BEGIN Extracted entries

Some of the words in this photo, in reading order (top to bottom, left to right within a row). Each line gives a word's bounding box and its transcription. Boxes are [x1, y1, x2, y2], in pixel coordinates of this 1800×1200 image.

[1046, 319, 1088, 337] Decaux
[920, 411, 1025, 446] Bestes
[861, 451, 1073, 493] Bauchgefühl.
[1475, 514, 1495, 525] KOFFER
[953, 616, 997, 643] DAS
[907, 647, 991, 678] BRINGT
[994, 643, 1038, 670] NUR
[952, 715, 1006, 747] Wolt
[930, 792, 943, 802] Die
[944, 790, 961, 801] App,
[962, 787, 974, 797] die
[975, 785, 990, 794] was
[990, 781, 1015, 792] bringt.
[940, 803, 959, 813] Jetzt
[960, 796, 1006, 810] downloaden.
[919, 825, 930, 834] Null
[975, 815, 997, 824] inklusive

END Extracted entries

● **Prompt**: Every single line of the data above must be set down again exactly.

● **Response**:
Some of the words in this photo, in reading order (top to bottom, left to right within a row). Each line gives a word's bounding box and its transcription. Boxes are [x1, y1, x2, y2], in pixel coordinates of this 1800×1200 image.

[1046, 319, 1088, 337] Decaux
[920, 411, 1025, 446] Bestes
[861, 451, 1073, 493] Bauchgefühl.
[1475, 514, 1495, 525] KOFFER
[953, 616, 997, 643] DAS
[907, 647, 991, 678] BRINGT
[994, 643, 1038, 670] NUR
[952, 715, 1006, 747] Wolt
[930, 792, 943, 802] Die
[944, 790, 961, 801] App,
[962, 787, 974, 797] die
[975, 785, 990, 794] was
[990, 781, 1015, 792] bringt.
[940, 803, 959, 813] Jetzt
[960, 796, 1006, 810] downloaden.
[919, 825, 930, 834] Null
[975, 815, 997, 824] inklusive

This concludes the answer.